A simple way to use Github Oauth to serve a protected jekyll site to your GitHub organization

Primary LanguageRuby

Jekyll Auth

A simple way to use Github Oauth to serve a protected jekyll site to your GitHub organization

The problem

Jekyll and GitHub Pages are awesome, right? Static site, lighting fast, everything versioned in Git. What else could you ask for?

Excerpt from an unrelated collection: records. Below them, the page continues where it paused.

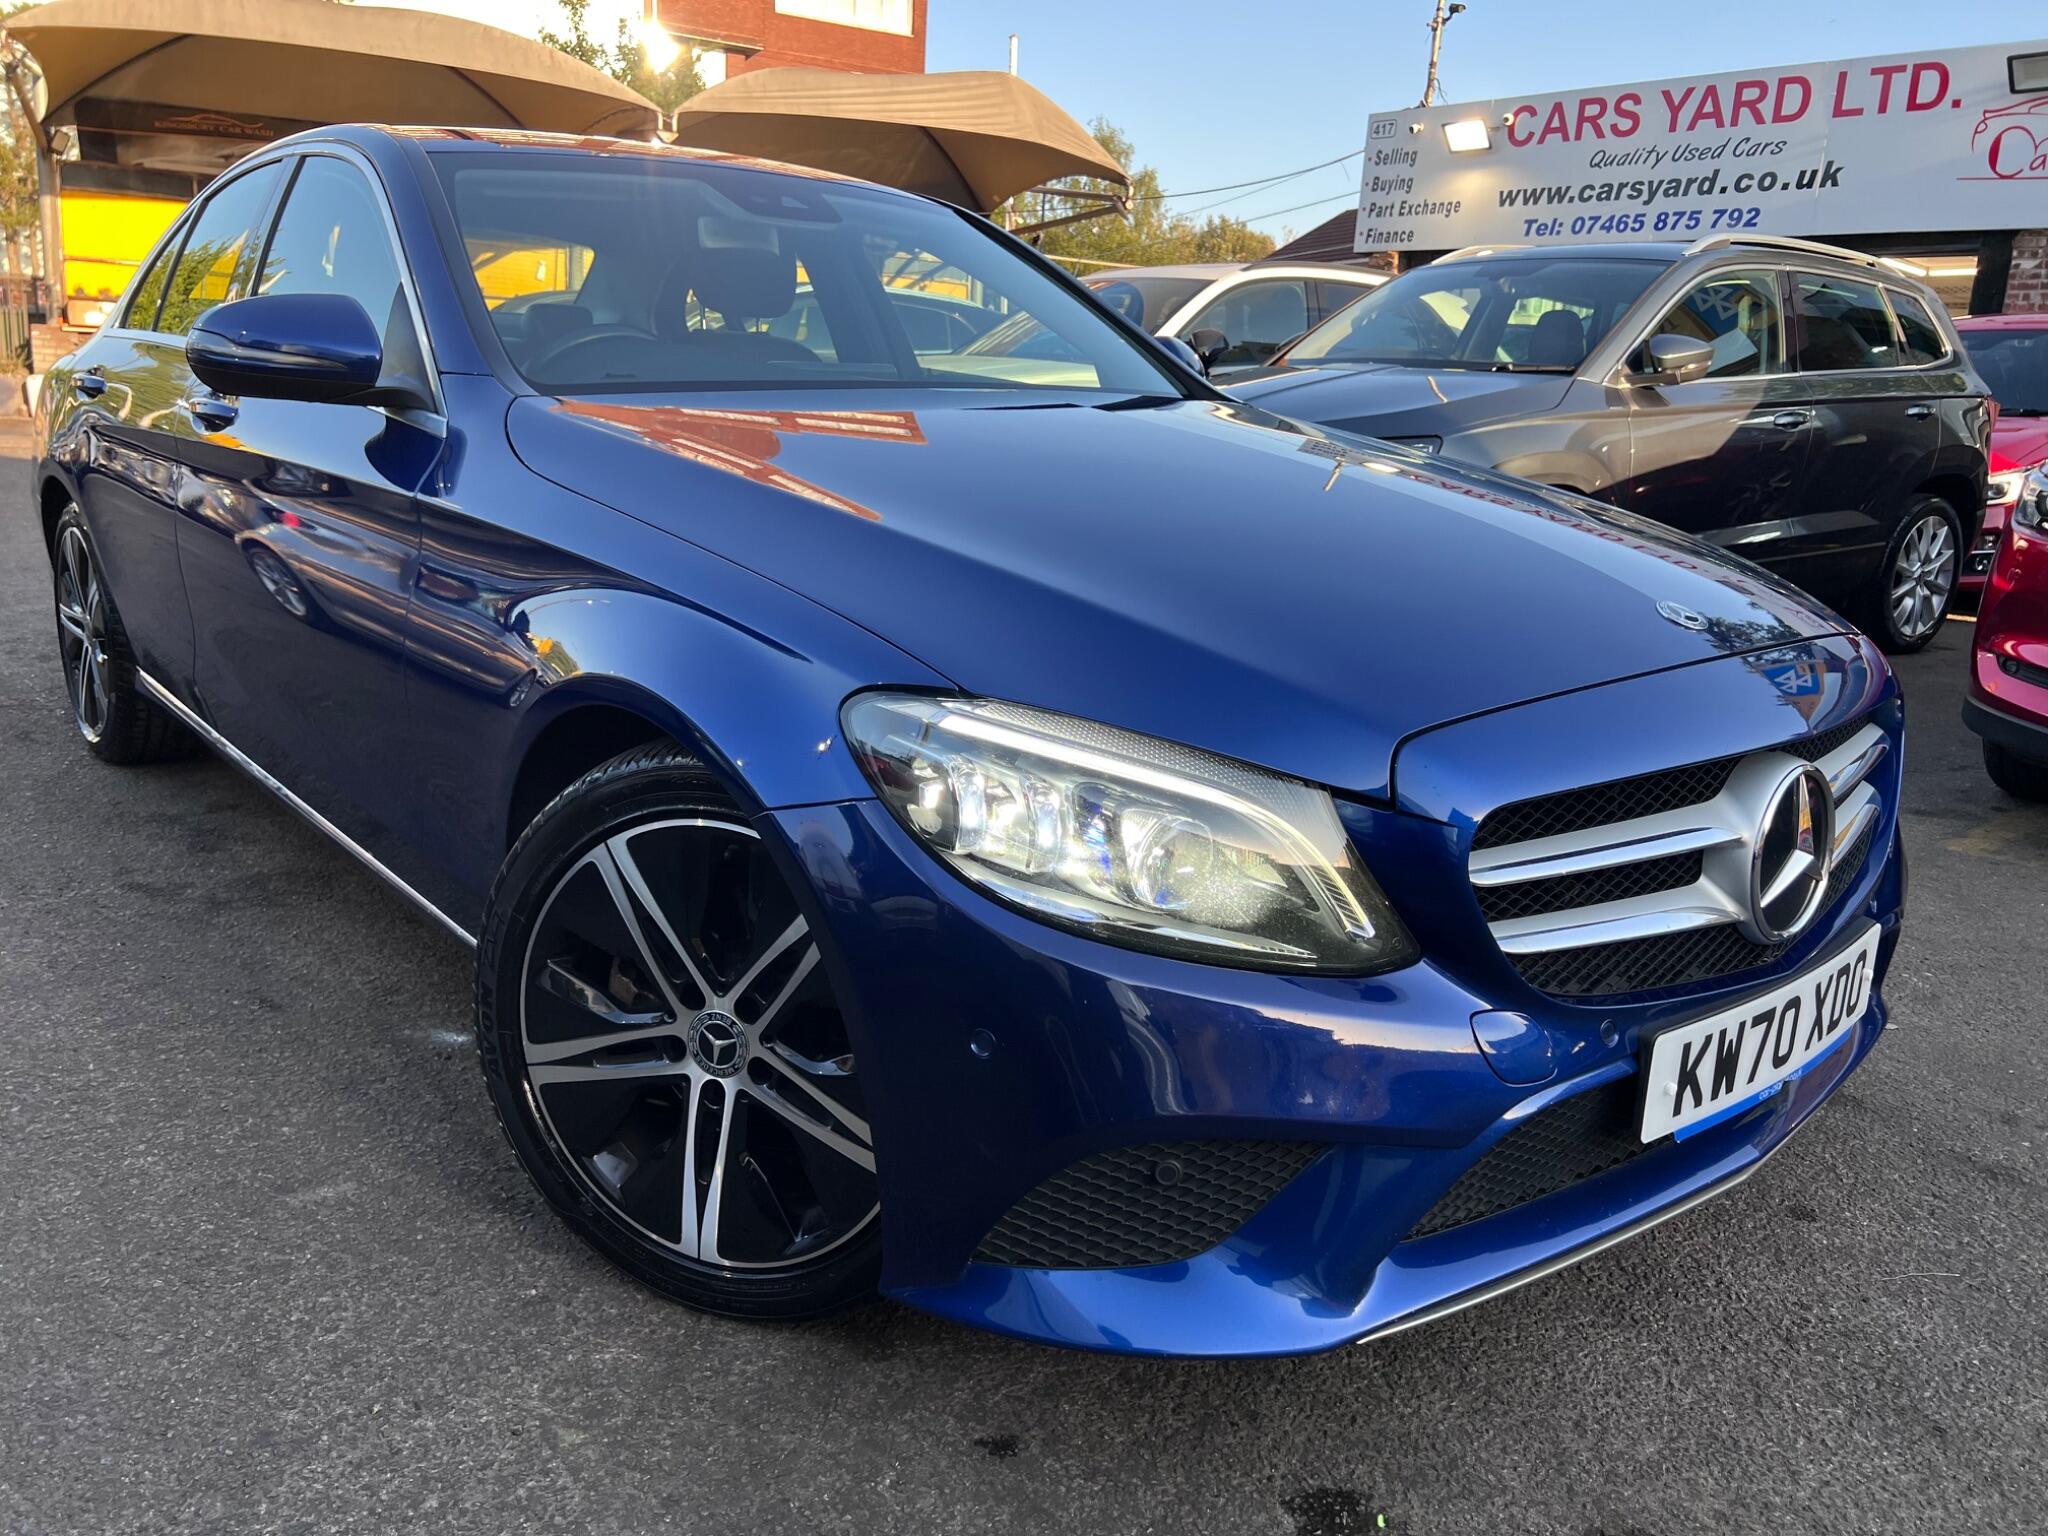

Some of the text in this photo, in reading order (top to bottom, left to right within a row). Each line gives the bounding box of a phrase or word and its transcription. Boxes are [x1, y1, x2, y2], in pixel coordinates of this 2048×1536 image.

[1507, 61, 1962, 148] CARS YARD LTD.
[218, 124, 242, 134] CAR
[243, 127, 275, 137] WASH
[1372, 121, 1395, 137] 417
[1374, 149, 1417, 167] Selling
[1589, 136, 1787, 169] Quality Used Cars
[1371, 176, 1413, 194] Buying
[1498, 160, 1844, 207] www.carsyard.co.uk
[1368, 199, 1461, 219] Part Exchange
[1523, 207, 1761, 238] Tel: 07465 875 792
[1365, 228, 1415, 244] Finance
[1672, 949, 1868, 1118] KW70 XDO

But what if you only want to share that site with a select number of people? Before, you were SOL. Now, simply host the site on a free, Heroku Dyno, and whenever someone tries to access it, it will oauth them against GitHub, and make sure they're a member of your Organization. Pretty cool, huh?

Requirements

  1. A GitHub account (one per user)
  2. A GitHub Organization (of which members will have access to the Jekyll site)
  3. A GitHub Application (You can always register one for free)
  4. A heroku account

How it works

  1. Set up your Jekyll site (see below)
  2. Give Heroku you app's Oauth Credentials, and the name of your org
  3. Profit

How it really works

Every time you push to Heroku, we take advantage of the fact that Heroku automatically runs the rake assets:precompile command (normally used for Rails sites) to build our Jekyll site and store it statically, just like GitHub pages would.

Anytime a request comes in for a page, we run it through Sinatra (using the _site folder as the static file folder, just as public would be normally), and authenticate it using sinatra_auth_github.

If they're in the org, they get the page. Otherwise, all they ever get is the bouncer.

Setup

To setup your site to work with Heroku, simply copy the contents of this repository (sans readme.md) over to your existing (or new) Jekyll site. If you've got an existing _config.yml file, you'll want to merge this repository's exclude values with your own to avoid any conficts.

Note: This repo contains a single-file test site to get you started and make sure it works. If you don't need that, just go ahead and delete the index.md file before you copy things over.

Configuring Heroku

You'll need to tell heroku a bit about yourself. You can find these on your application page. First:

heroku config:set GITHUB_CLIENT_ID=[your github app client id]

then:

heroku config:set GITHUB_CLIENT_SECRET=[your github app client secret]

finally:

heroku config:set GITHUB_ORG_ID=[org id]

(where [org id] is the name of your organization, just like in the URL)

Running locally

Want to run it locally? ./script/ is here to help!

  1. script/bootsrap
  2. Configure as above, except use EXPORT rather than heroku config:set
  3. script/server (or bundle exec jekyll --server for unauthenticated site)

note: For sanity sake, you may want to have two apps, one with a local oauth callback, and one for production.